### TASK REQUIREMENTS:
The pictures are to be omitted when the entries are reproduced exactly.

### RECORD SET:
# # #
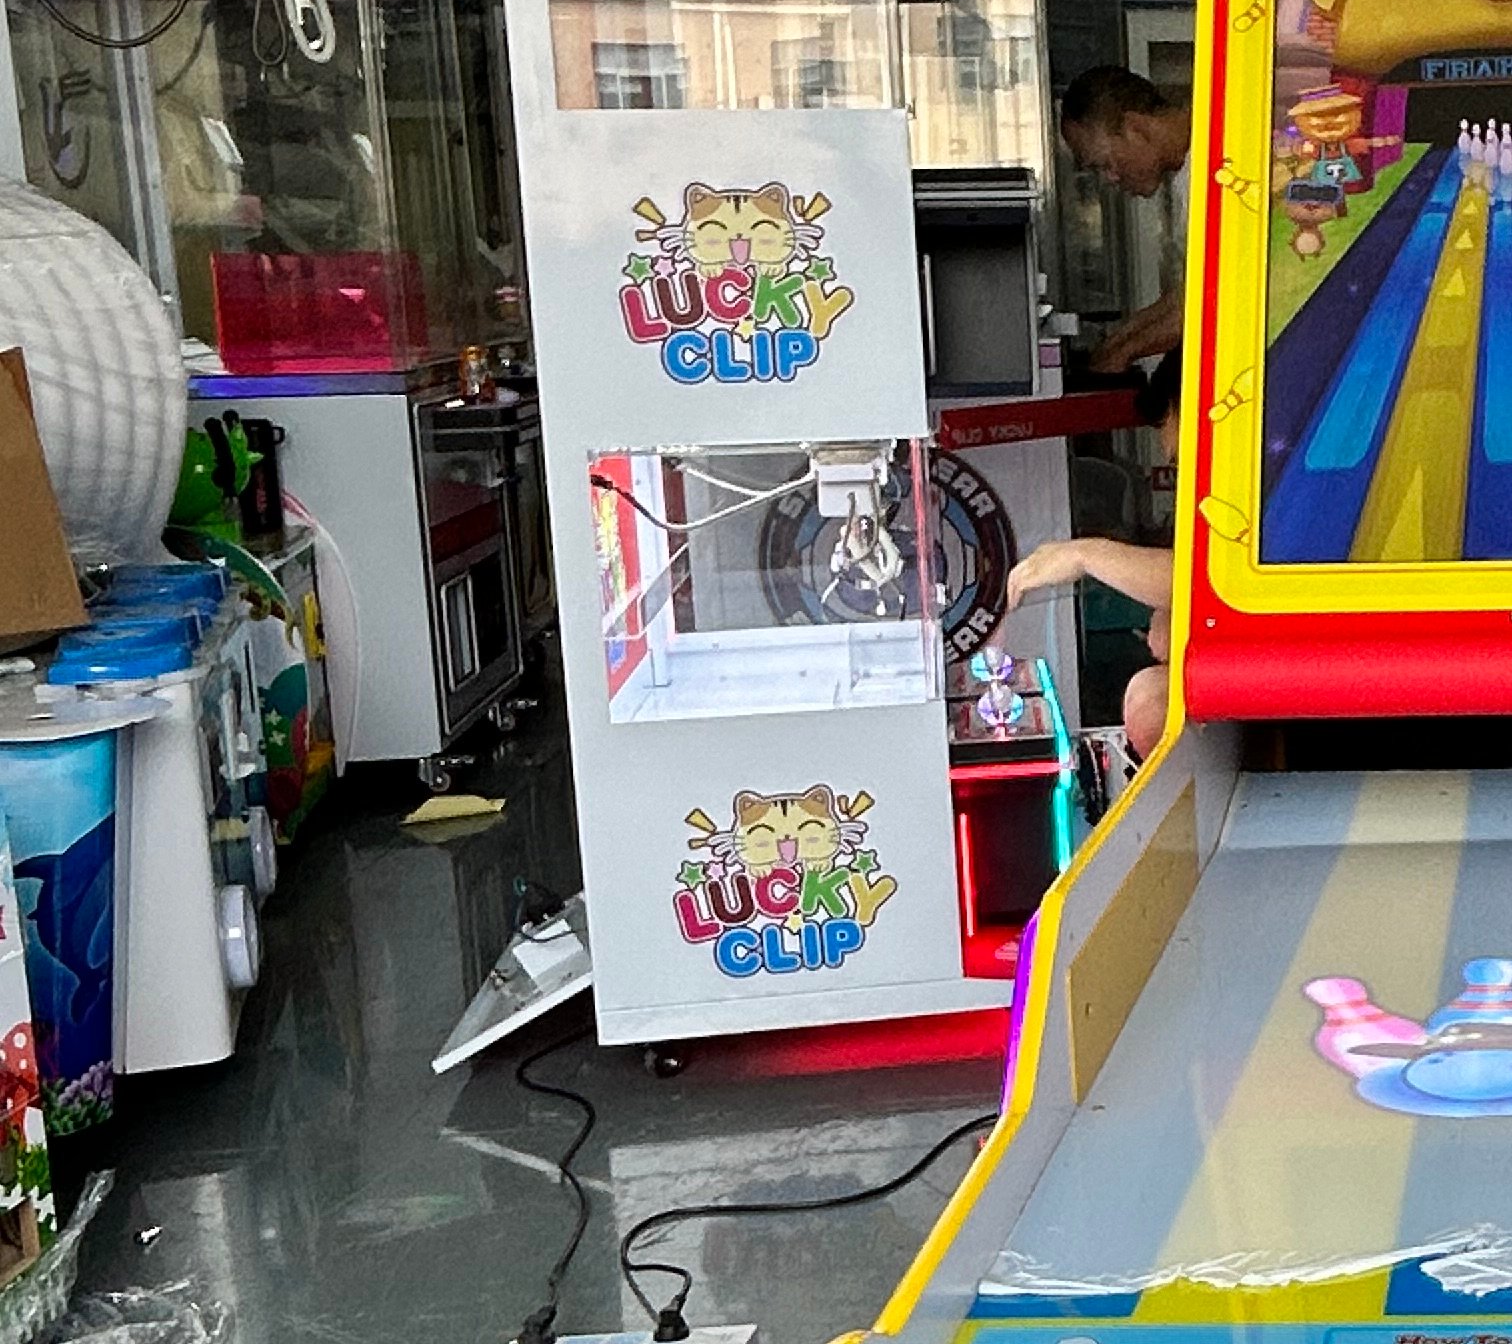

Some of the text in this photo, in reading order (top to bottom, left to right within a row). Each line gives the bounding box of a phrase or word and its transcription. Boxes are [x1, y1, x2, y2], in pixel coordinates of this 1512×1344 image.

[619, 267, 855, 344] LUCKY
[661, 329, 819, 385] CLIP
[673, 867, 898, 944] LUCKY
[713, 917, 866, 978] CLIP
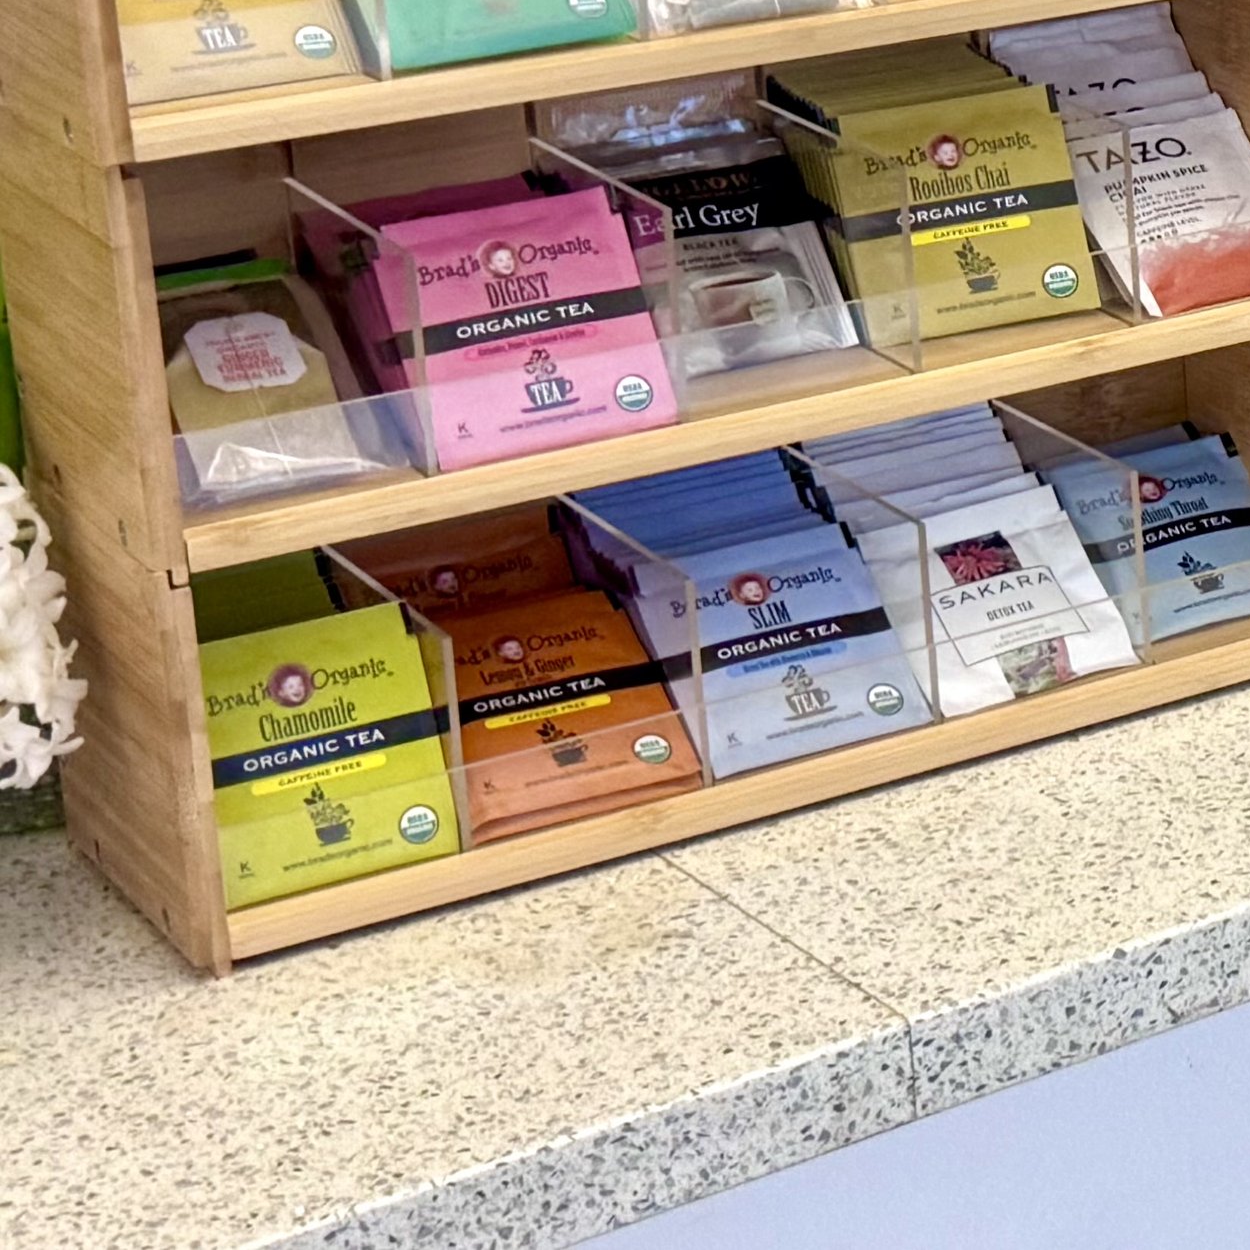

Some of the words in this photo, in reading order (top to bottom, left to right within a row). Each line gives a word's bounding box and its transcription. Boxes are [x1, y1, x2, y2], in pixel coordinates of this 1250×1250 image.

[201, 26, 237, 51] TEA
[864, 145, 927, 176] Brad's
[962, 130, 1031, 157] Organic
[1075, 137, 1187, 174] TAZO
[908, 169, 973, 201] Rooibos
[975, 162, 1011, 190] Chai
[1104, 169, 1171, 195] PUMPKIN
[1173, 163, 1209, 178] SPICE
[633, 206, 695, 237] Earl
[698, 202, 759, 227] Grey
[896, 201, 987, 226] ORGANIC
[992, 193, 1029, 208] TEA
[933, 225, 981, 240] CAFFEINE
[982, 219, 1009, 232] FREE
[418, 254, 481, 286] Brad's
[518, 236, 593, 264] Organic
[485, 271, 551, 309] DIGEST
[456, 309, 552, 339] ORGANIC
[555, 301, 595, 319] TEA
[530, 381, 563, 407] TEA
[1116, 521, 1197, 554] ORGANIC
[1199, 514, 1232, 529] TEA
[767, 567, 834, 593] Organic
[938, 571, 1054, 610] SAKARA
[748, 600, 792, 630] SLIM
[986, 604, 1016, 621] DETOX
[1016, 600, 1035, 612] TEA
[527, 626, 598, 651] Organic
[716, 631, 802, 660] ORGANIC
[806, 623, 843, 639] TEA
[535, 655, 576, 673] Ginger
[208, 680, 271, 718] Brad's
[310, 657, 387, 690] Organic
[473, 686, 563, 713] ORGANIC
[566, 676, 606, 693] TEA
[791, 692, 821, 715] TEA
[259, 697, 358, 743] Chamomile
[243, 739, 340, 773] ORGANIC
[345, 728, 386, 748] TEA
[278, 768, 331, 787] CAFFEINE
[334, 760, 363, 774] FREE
# # #
### RESPONSE AREA:
Some of the text in this photo, in reading order (top to bottom, left to right within a row). Each line gives the bounding box of a phrase or word and its transcription. Boxes are [x1, y1, x2, y2], in pixel coordinates of this 1512×1344 image.

[619, 267, 855, 344] LUCKY
[661, 329, 819, 385] CLIP
[673, 867, 898, 944] LUCKY
[713, 917, 866, 978] CLIP

Some of the words in this photo, in reading order (top to bottom, left to right within a row). Each line gives a word's bounding box and its transcription. Boxes are [x1, y1, x2, y2], in pixel coordinates of this 1250×1250 image.

[201, 26, 237, 51] TEA
[864, 145, 927, 176] Brad's
[962, 130, 1031, 157] Organic
[1075, 137, 1187, 174] TAZO
[908, 169, 973, 201] Rooibos
[975, 162, 1011, 190] Chai
[1104, 169, 1171, 195] PUMPKIN
[1173, 163, 1209, 178] SPICE
[633, 206, 695, 237] Earl
[698, 202, 759, 227] Grey
[896, 201, 987, 226] ORGANIC
[992, 193, 1029, 208] TEA
[933, 225, 981, 240] CAFFEINE
[982, 219, 1009, 232] FREE
[418, 254, 481, 286] Brad's
[518, 236, 593, 264] Organic
[485, 271, 551, 309] DIGEST
[456, 309, 552, 339] ORGANIC
[555, 301, 595, 319] TEA
[530, 381, 563, 407] TEA
[1116, 521, 1197, 554] ORGANIC
[1199, 514, 1232, 529] TEA
[767, 567, 834, 593] Organic
[938, 571, 1054, 610] SAKARA
[748, 600, 792, 630] SLIM
[986, 604, 1016, 621] DETOX
[1016, 600, 1035, 612] TEA
[527, 626, 598, 651] Organic
[716, 631, 802, 660] ORGANIC
[806, 623, 843, 639] TEA
[535, 655, 576, 673] Ginger
[208, 680, 271, 718] Brad's
[310, 657, 387, 690] Organic
[473, 686, 563, 713] ORGANIC
[566, 676, 606, 693] TEA
[791, 692, 821, 715] TEA
[259, 697, 358, 743] Chamomile
[243, 739, 340, 773] ORGANIC
[345, 728, 386, 748] TEA
[278, 768, 331, 787] CAFFEINE
[334, 760, 363, 774] FREE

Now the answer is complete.